THE PROBLEM: The records below should be written out again, exactly.

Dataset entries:

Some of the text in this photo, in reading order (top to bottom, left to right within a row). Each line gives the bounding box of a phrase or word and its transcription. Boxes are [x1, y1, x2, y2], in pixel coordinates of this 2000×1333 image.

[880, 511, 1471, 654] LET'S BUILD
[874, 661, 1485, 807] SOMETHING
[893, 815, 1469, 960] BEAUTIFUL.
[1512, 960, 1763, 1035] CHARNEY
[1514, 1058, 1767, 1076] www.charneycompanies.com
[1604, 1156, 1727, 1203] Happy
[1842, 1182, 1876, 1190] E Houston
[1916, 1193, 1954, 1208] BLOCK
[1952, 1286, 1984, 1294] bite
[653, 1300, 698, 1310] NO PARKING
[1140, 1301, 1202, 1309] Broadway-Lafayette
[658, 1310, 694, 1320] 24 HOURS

ANSWER FOR THE TASK:
Some of the text in this photo, in reading order (top to bottom, left to right within a row). Each line gives the bounding box of a phrase or word and its transcription. Boxes are [x1, y1, x2, y2], in pixel coordinates of this 2000×1333 image.

[880, 511, 1471, 654] LET'S BUILD
[874, 661, 1485, 807] SOMETHING
[893, 815, 1469, 960] BEAUTIFUL.
[1512, 960, 1763, 1035] CHARNEY
[1514, 1058, 1767, 1076] www.charneycompanies.com
[1604, 1156, 1727, 1203] Happy
[1842, 1182, 1876, 1190] E Houston
[1916, 1193, 1954, 1208] BLOCK
[1952, 1286, 1984, 1294] bite
[653, 1300, 698, 1310] NO PARKING
[1140, 1301, 1202, 1309] Broadway-Lafayette
[658, 1310, 694, 1320] 24 HOURS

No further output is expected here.